Si l’acquéreur opte de ne pas inscrire son acquisition à l’actif immobilisé, il pourra déduire uniquement les frais de gestion et les dépenses locatives à l’exclusion des charges de propriété (l’amortissement du bien, les intérêts d’acquisition du bien, réparations importantes, la taxe foncière).

Le déficit
Le déficit obtenu par différence entre les recettes et les charges est reportable uniquement sur les revenus de même nature, c'est-à-dire les BIC non professionnels (pas forcément les LMNP) pendant une période maximum de 6 ans.

   

L'amortissement
C'est la prise en compte de l’usure du bien, donc de sa vétusté dans le temps. II s'opère à 2 niveaux :
- Immobilier (hors terrain) : à concurrence de 2 % à 5 % par an de 2o ans à 50 ans.
- Mobilier : à concurrence de 10 % à 2o % par an de 5 ans à 10 ans.
L’amortissement est déductible des revenus de même nature ou reportable sans limitation dans le temps.

La TVA
Les locations meublées sont en principe exonérées de TVA sauf les résidences de tourisme classées et toutes les locations consenties par un exploitant inscrit au Registre du Commerce et proposant 3 des 4 prestations hôtelières, à savoir: l'accueil, le service du petit déjeuner, la fourniture de linge de maison et l'entretien des parties communes.
Dès lors que la résidence est soumise à la TVA, l'investisseur peut la récupérer sur son prix d'acquisition lorsque le bien est neuf.

La Plus-Value
Elles relèvent du régime des plus values privées, soit une exonération totale au bout de 15 ans. De plus, dans le cadre des locations meublées non professionnelles, les biens ne sont pas considérés comme des biens professionnels et ne bénéficient pas de l’exonération de l’ISF comme pour le statut LMP.

Taxe professionnelle
La taxe professionnelle est due chaque année par les loueurs en meublés qui exercent cette activité à titre habituel.
Le plafonnement par la valeur ajoutée permet de limiter ce montant à 3,5 % maximum des recettes.
Selon le type de location meublée, le propriétaire sera soumis soit à la taxe d’habitation ou à la taxe professionnelle.

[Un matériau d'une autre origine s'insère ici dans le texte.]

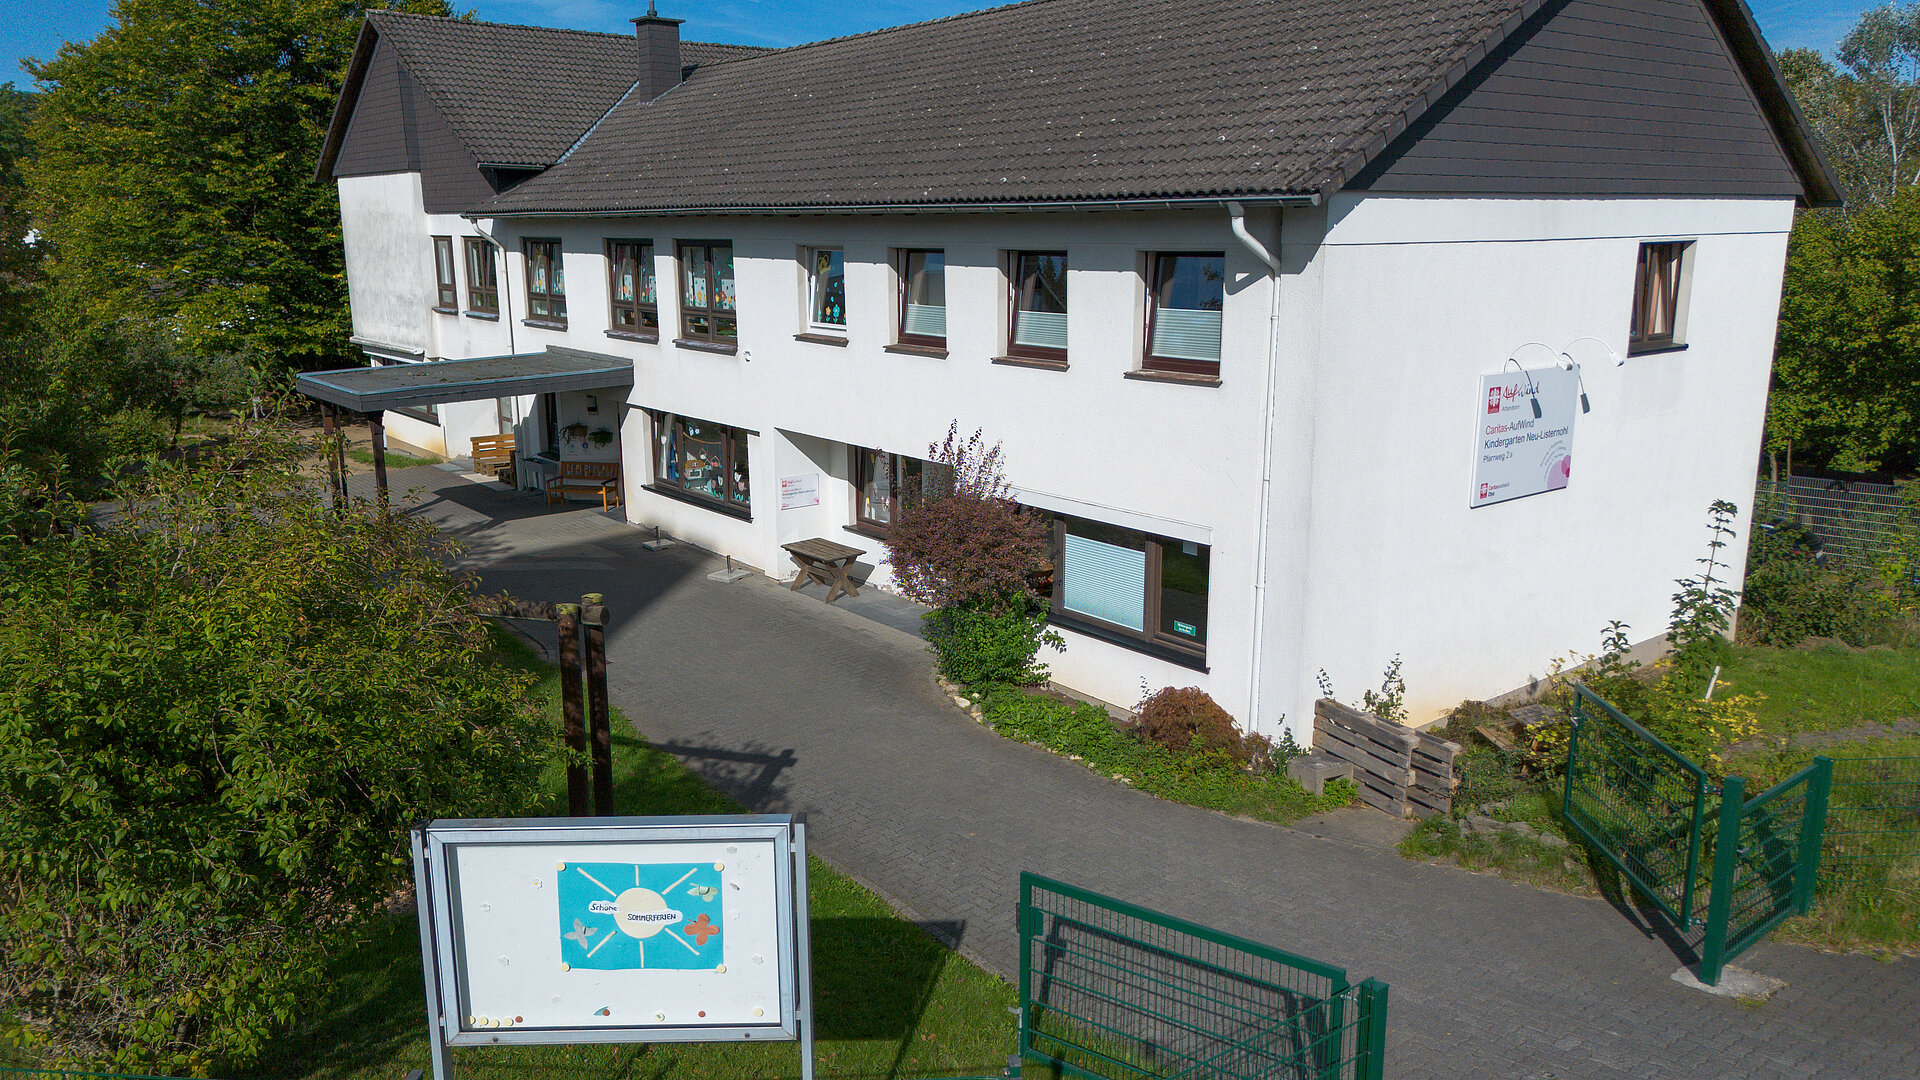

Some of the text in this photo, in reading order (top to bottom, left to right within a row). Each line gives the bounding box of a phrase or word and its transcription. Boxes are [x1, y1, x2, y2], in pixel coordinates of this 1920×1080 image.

Depuis 1993, la double imposition est supprimée sauf délibération contraire des collectivités territoriales.
Sont dispensés de la taxe professionnelle : les propriétaires de gîtes ruraux si la location ne constitue pas l’habitation principale ou secondaire du locataire, les locations faisant partie intégrante de l’habitation du propriétaire et classés « meublés de tourisme ».

Le bail commercial
C'est le contrat de location passé entre le propriétaire et l'exploitant. II est d'une durée minimum de 9 ans.
II a pour but de décrire les locaux concernés et de déterminer la destination de ces locaux par rapport à l'activité ou aux activités engagées.
II fixe le montant du loyer, sa périodicité et sa variation.
II énumère les obligations de chaque partie et fixe la répartition de l'ensemble des charges.

La loi de cohésion sociale
La loi n° 2005-32 du 18 janvier 2005 renforce un peu plus les obligations du propriétaire pour les locations meublées à usage d’habitation principale.
Contrairement au dispositif antérieur, toute personne qui loue un logement meublé à usage d’habitation principale du locataire, se doit de rédiger un bail.
Cette nouvelle obligation apparaît à l’article L 632 alinéa 1er nouveau qui prévoit que le bailleur doit obligatoirement informer le locataire de ses intentions au moins 3 mois avant l’échéance du bail s’il souhaite ne pas renouveler le bail et motiver ses raisons :
- La vente du logement
- Le non respect du contrat par le locataire
- Reprendre le logement pour lui-même
Cette nouvelle disposition envers le locataire est applicable depuis le 1er janvier 2005.
Sont exclus de ce dispositif les résidences para-hôtellières, les locations saisonnières, les résidences pour étudiants, les EHPAD.